A former 7-Eleven operator has been hit with $168,000 in penalties for short-changing workers and falsifying records to hide the underpayments.

The orders imposed by the Federal Circuit Court were the result of litigation by the Fair Work Ombudsman (FWO) and followed admissions by Brisbane man Jim Chien-Ching Chang that his company had underpaid eight staff a combined $19,937.

Chang, the former franchisee of the store at 80 Vulture Street, West End, has been ordered to pay $28,000 and his company JS Top Pty Ltd to pay $140,000.  Chang and his company sold the 7-Eleven franchise in late 2016 and the franchise is now operated by an entity unrelated to these contraventions.

Court imposed penalties against 7-Eleven operators have now topped $1 million in litigations from Fair Work.

Chang admitted his company had paid flat hourly rates as low as $13 an hour, resulting in significant underpayment of the minimum hourly rate, casual loadings and penalty rates for shift and weekend work that employees were owed under the General Retail Award 2010.

One employee was underpaid $13,962 between July 2013 and August 2014, while the others were underpaid amounts ranging from $203 to $1835 for shorter periods of work.

Chang also made false and misleading entries into the 7-Eleven payroll system and provided false records to the FWO.

In his penalty judgment, Judge Michael Jarrett found that Chang knew the relevant Award that applied but had “… established a business model that relied upon a deliberate disregard of the employees’ workplace entitlements and a course of conduct designed to conceal that deliberate disregard”.

Judge Jarrett found no evidence that the company’s contraventions were motivated by poor cash flow saying: “rather, it seems, the company’s profit has been enhanced by the underpayments concerned”.

All underpayments have now been rectified.

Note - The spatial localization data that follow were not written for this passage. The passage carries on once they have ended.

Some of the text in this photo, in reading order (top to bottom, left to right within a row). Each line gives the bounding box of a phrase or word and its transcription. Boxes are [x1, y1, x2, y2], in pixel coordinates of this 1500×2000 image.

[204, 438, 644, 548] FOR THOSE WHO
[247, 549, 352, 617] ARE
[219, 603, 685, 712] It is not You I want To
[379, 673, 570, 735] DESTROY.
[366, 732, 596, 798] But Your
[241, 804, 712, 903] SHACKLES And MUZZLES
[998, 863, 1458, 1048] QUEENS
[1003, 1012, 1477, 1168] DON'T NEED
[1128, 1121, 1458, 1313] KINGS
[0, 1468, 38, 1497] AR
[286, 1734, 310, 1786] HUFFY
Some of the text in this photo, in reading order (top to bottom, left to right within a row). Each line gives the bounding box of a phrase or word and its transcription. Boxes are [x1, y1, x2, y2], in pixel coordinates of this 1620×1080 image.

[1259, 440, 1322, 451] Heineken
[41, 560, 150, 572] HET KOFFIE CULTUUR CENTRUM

The store was one of 20 7-Eleven outlets targeted for surprise night-time visits by the FWO as part of a tri-State operation in September, 2014.

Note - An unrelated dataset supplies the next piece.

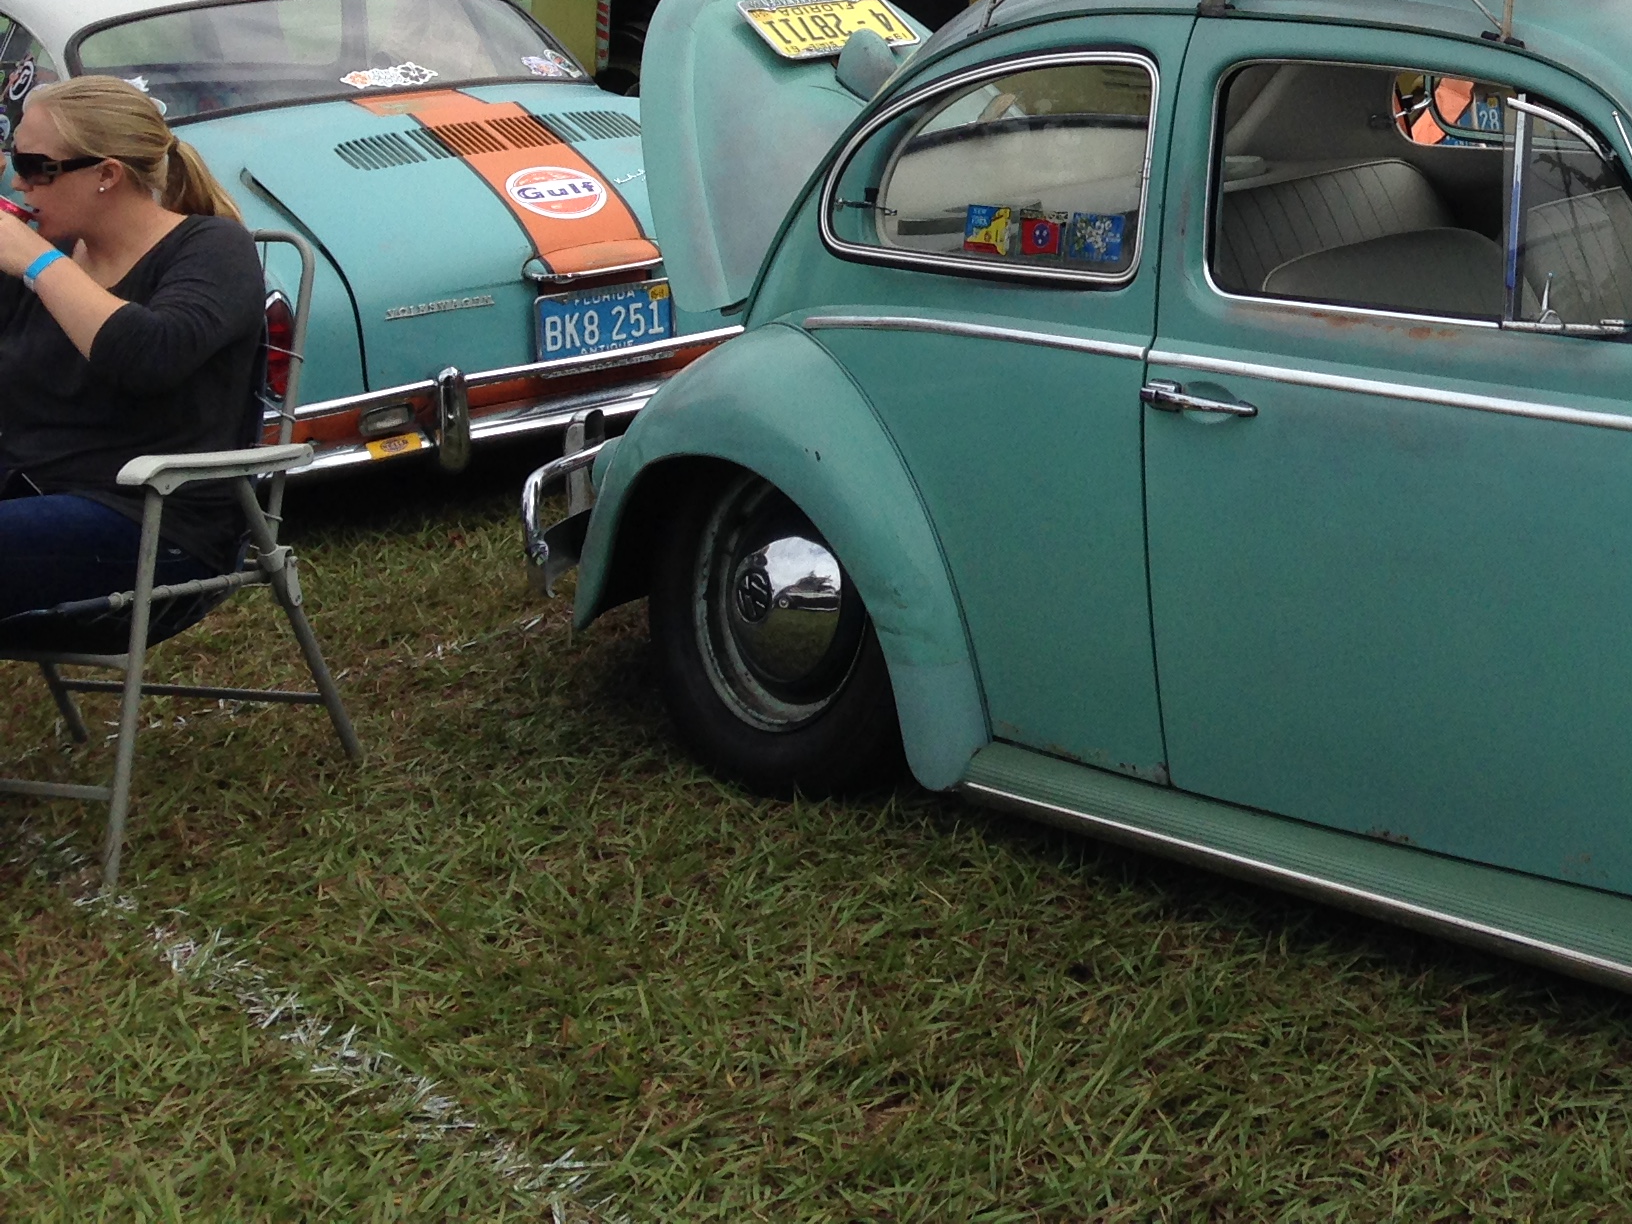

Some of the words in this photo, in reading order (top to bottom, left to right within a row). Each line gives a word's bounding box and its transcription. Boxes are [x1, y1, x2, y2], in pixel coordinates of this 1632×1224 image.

FWO Natalie James said the substantial penalties imposed send a clear message that exploiting overseas workers is serious conduct that will not be tolerated.

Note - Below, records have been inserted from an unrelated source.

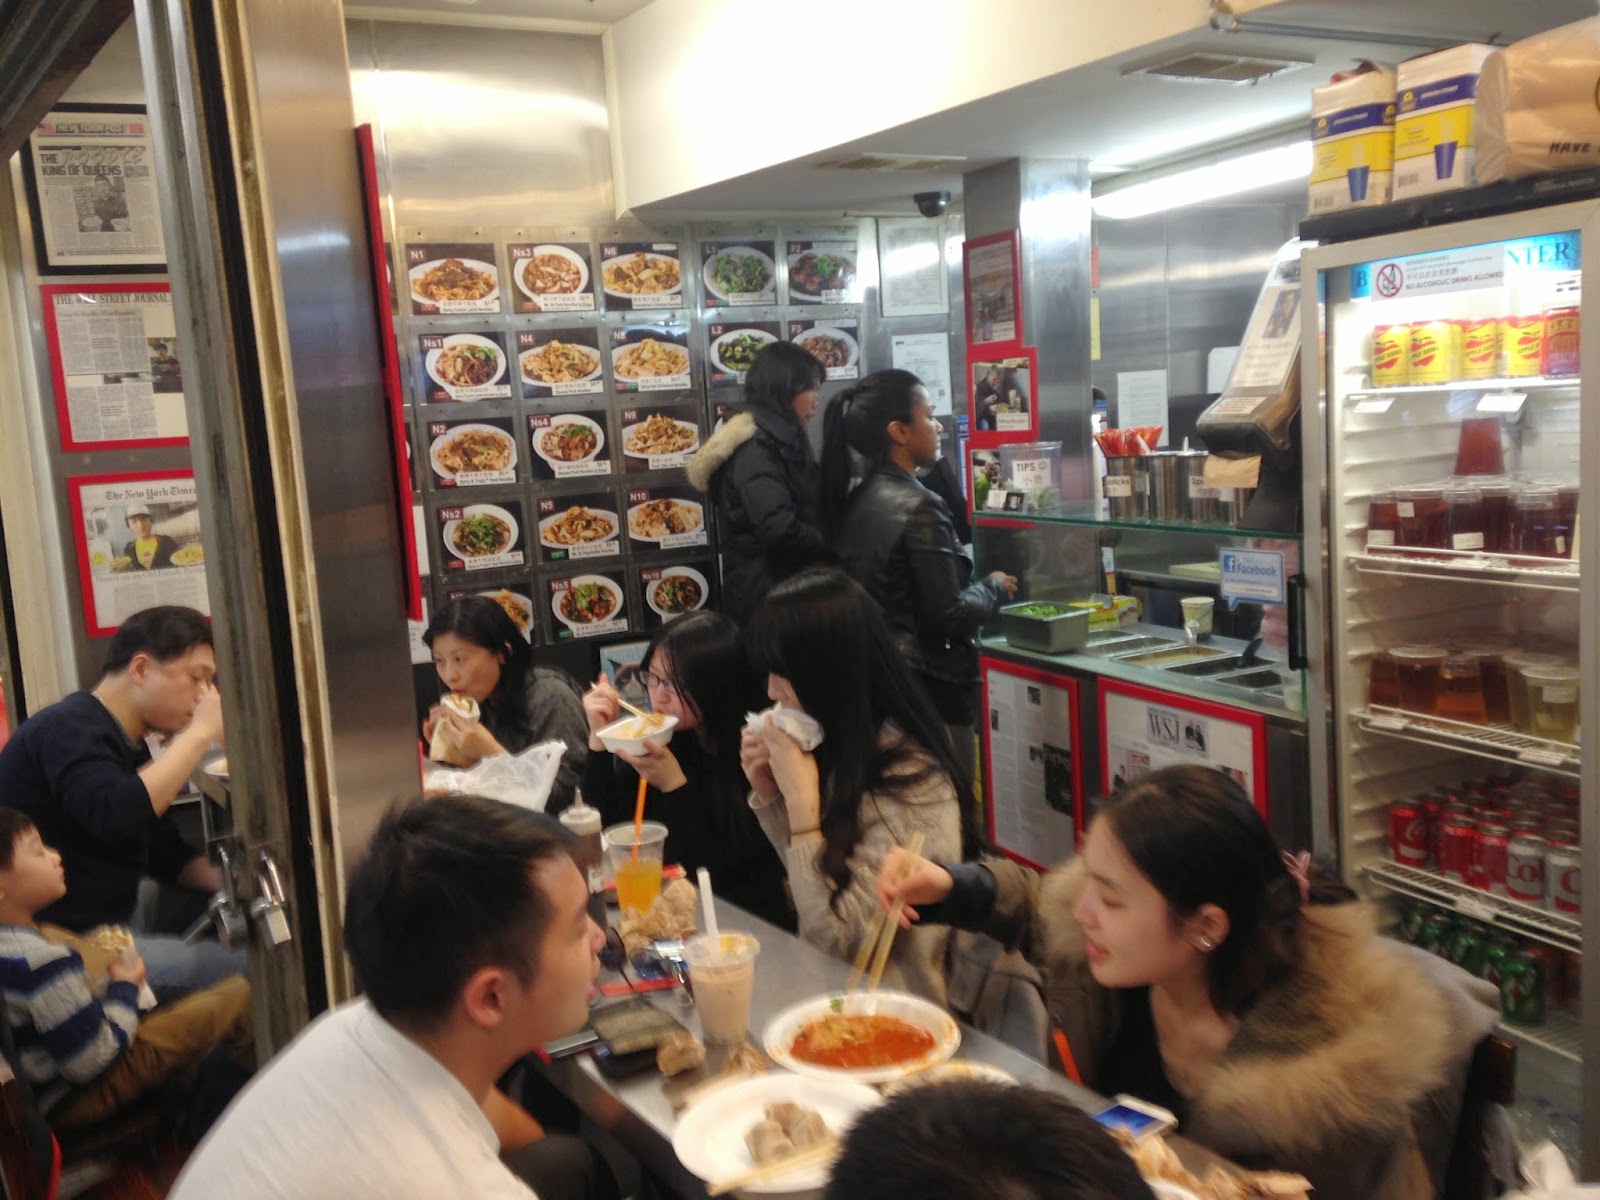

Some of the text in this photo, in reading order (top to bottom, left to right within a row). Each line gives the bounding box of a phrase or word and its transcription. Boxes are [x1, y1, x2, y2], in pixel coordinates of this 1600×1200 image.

[1549, 142, 1592, 153] HAVE
[41, 153, 58, 164] THE
[42, 165, 67, 176] KING
[67, 165, 80, 176] OF
[82, 165, 122, 176] QUEENS
[411, 250, 424, 259] N1
[513, 249, 531, 257] Ns3
[604, 247, 617, 255] N6
[1416, 278, 1451, 289] ALCOHOLIC
[1451, 275, 1473, 284] DRINKS
[1474, 270, 1504, 281] ALLOWED
[56, 295, 72, 305] THE
[99, 293, 132, 304] STREET
[711, 326, 722, 334] L2
[520, 335, 533, 343] N4
[614, 332, 625, 340] N8
[424, 338, 442, 347] Ns1
[624, 411, 636, 419] N9
[530, 418, 548, 427] Ns4
[432, 425, 446, 434] N2
[1016, 462, 1036, 472] TIPS
[105, 486, 197, 501] The New York Times
[630, 492, 646, 501] N10
[541, 501, 554, 510] N5
[442, 510, 460, 519] Ns2
[1237, 563, 1277, 576] Facebook
[642, 572, 660, 580] Ns10
[552, 581, 569, 590] Ns5
[1149, 712, 1180, 745] WSJ

“Businesses should be in no doubt that lawful obligations to pay minimum wage rates, keep appropriate employment records and issue pay slips apply to all employers in Australia and they are not negotiable,” she said.

“We are pleased that the Court has seen fit to penalise such blatant conduct and hope that this serves as a warning that such behaviour will be penalised.”

Clayton Ford, 7-Eleven GM corporate affairs told Inside Franchise Business, “7-Eleven welcomes the FWO’s actions pursuing these wage underpayment claims dating back to 2013-14, and the Court’s acknowledgement of the significant reform measures we have taken.”

“The franchisee concerned is no longer part of our store network.

“We have introduced comprehensive reforms to ensure our franchised store network operates at the highest standards we expect, and will take action where those standards are not being met,” he added.

7-Eleven entered into a Proactive Compliance Deed with the FWO late last year.